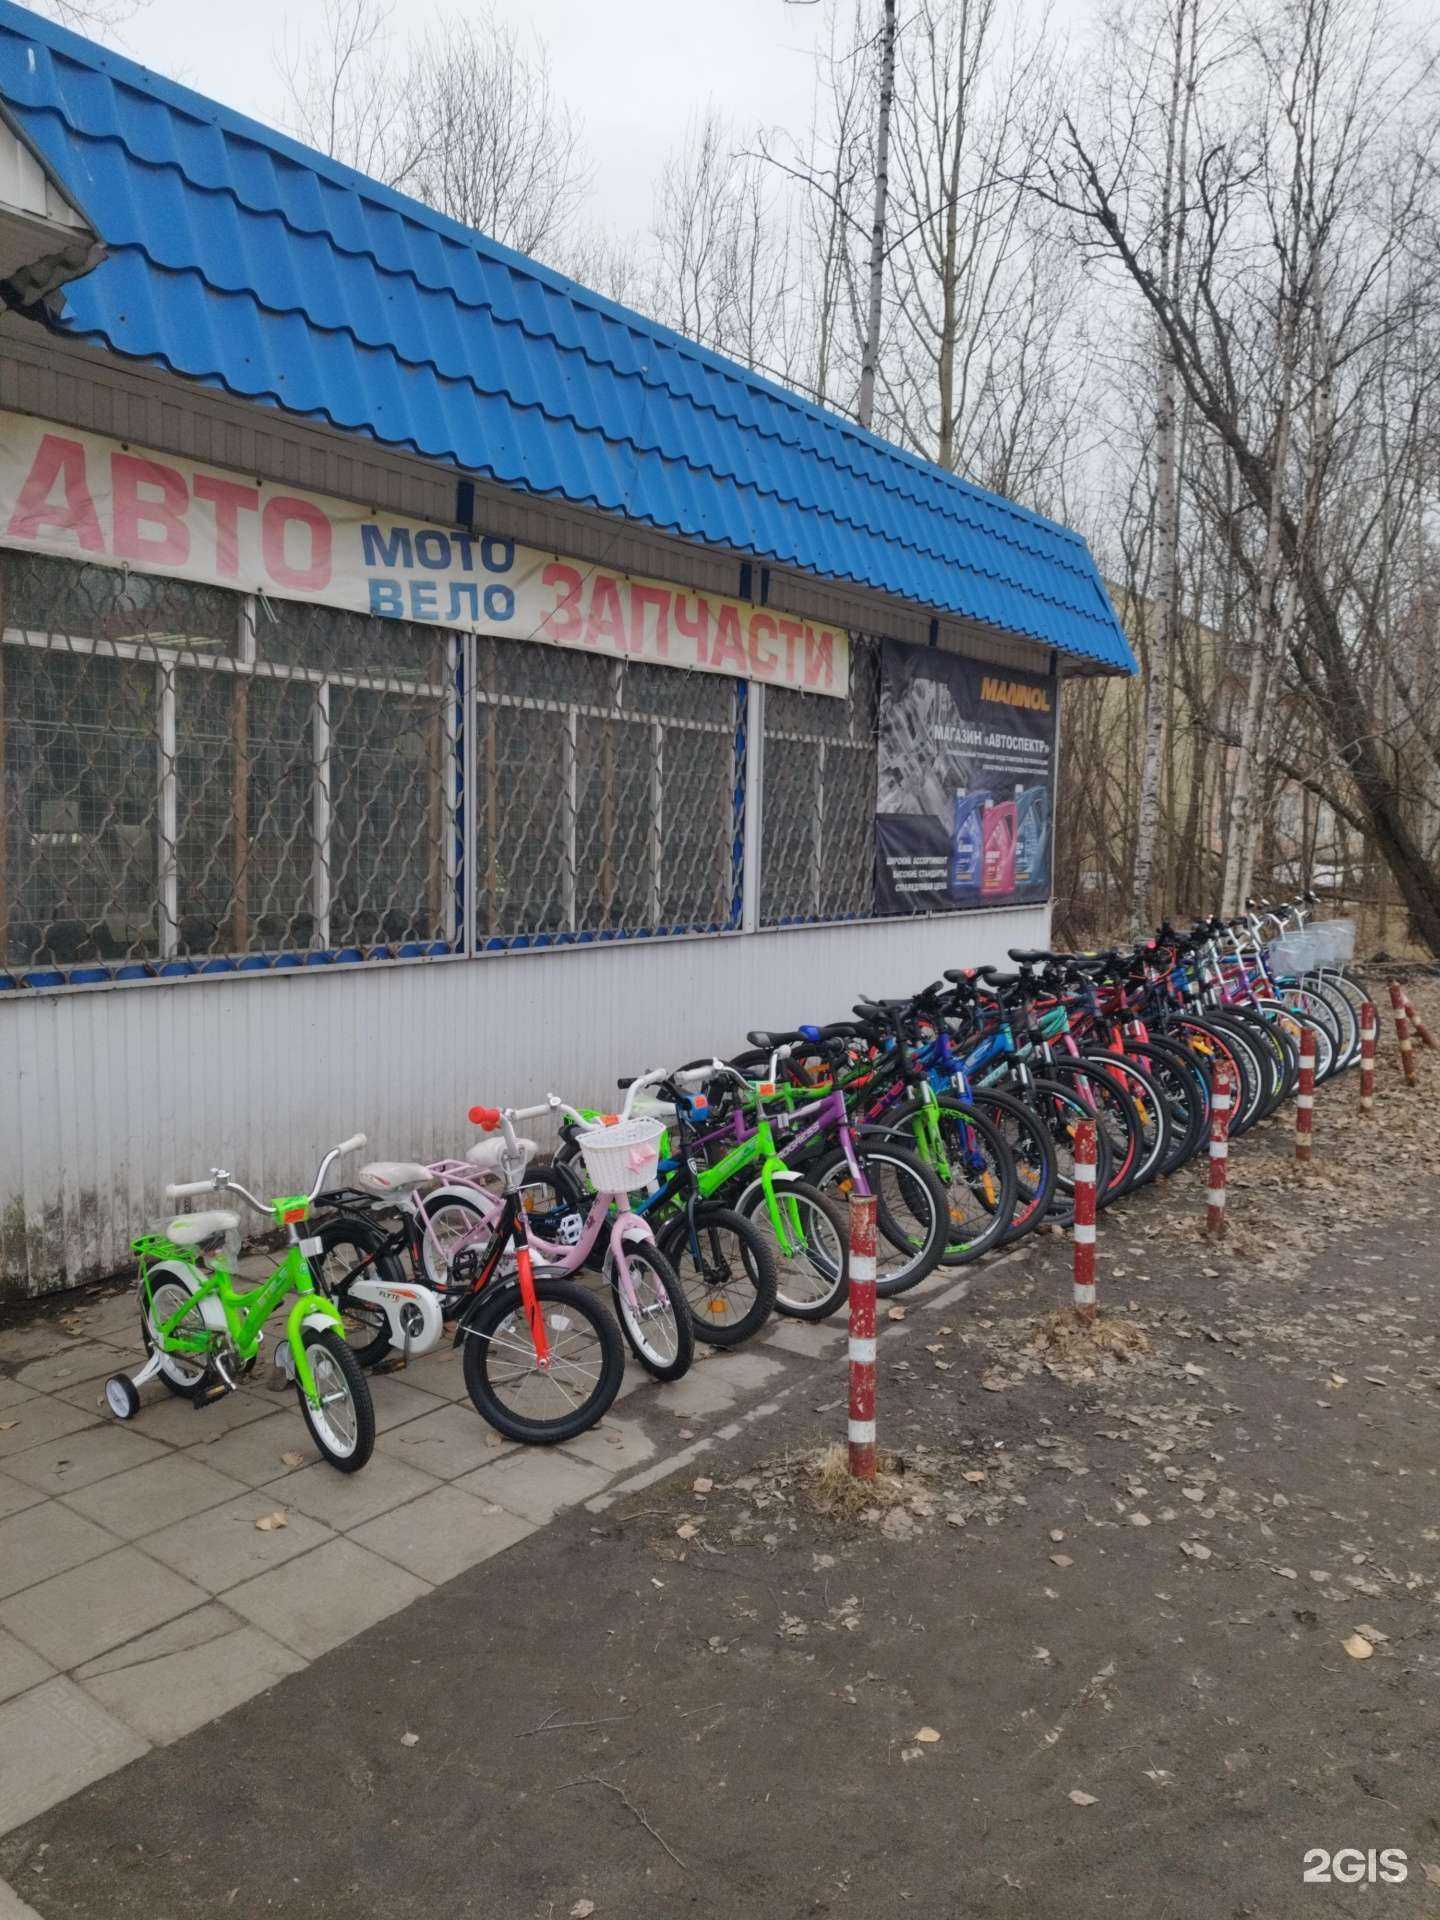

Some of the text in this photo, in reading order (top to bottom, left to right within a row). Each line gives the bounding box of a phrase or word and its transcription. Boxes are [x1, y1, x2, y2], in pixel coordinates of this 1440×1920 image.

[8, 433, 333, 593] АВТО
[361, 523, 515, 573] МОТО
[368, 578, 515, 622] ВЕЛО
[539, 562, 834, 688] ЗАПЧАСТИ
[980, 676, 1050, 711] MANNOL
[934, 725, 982, 745] МАГАЗИН
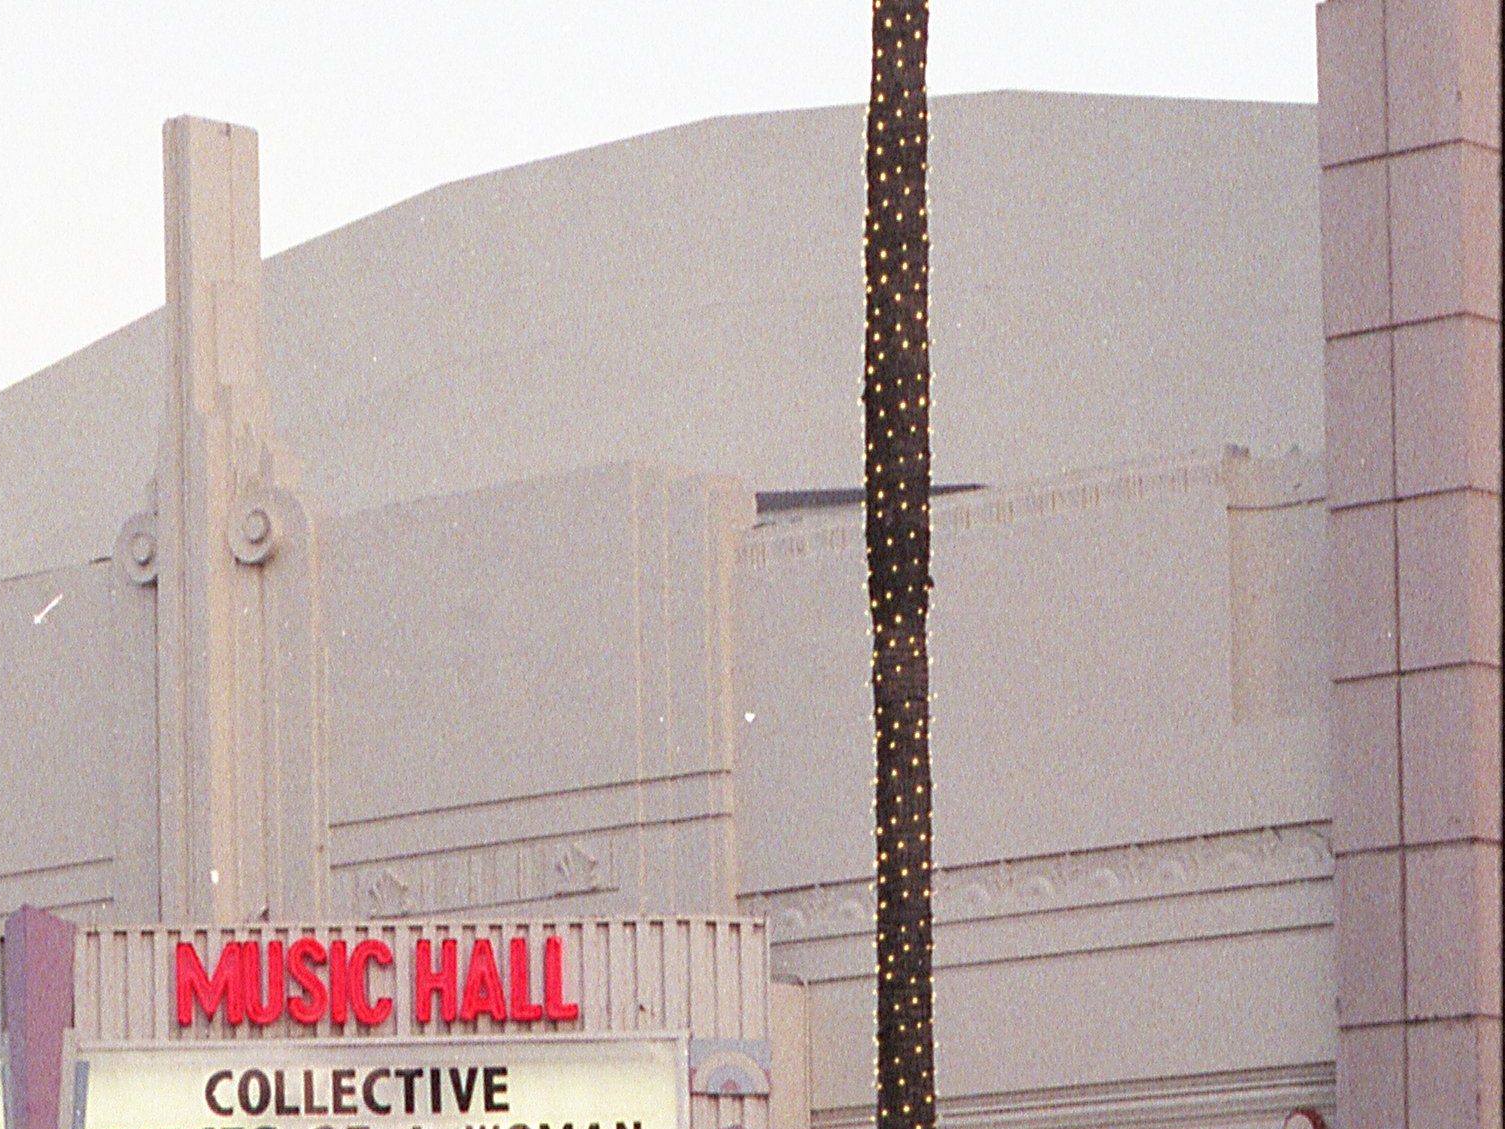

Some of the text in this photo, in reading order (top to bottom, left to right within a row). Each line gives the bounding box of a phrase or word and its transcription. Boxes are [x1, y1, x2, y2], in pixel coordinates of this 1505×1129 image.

[174, 935, 580, 1027] MUSIC HALL
[205, 1065, 511, 1116] COLLECTIVE

▶ **Task brief**:
Please restate the entries word for word, with all pictures left out.

▶ **Written response**:
Some of the text in this photo, in reading order (top to bottom, left to right within a row). Each line gives the bounding box of a phrase or word and its transcription. Boxes are [x1, y1, x2, y2], in pixel coordinates of this 1440×1920 image.

[8, 433, 333, 593] АВТО
[361, 523, 515, 573] МОТО
[368, 578, 515, 622] ВЕЛО
[539, 562, 834, 688] ЗАПЧАСТИ
[980, 676, 1050, 711] MANNOL
[934, 725, 982, 745] МАГАЗИН

Some of the text in this photo, in reading order (top to bottom, left to right within a row). Each line gives the bounding box of a phrase or word and its transcription. Boxes are [x1, y1, x2, y2], in pixel coordinates of this 1505×1129 image.

[174, 935, 580, 1027] MUSIC HALL
[205, 1065, 511, 1116] COLLECTIVE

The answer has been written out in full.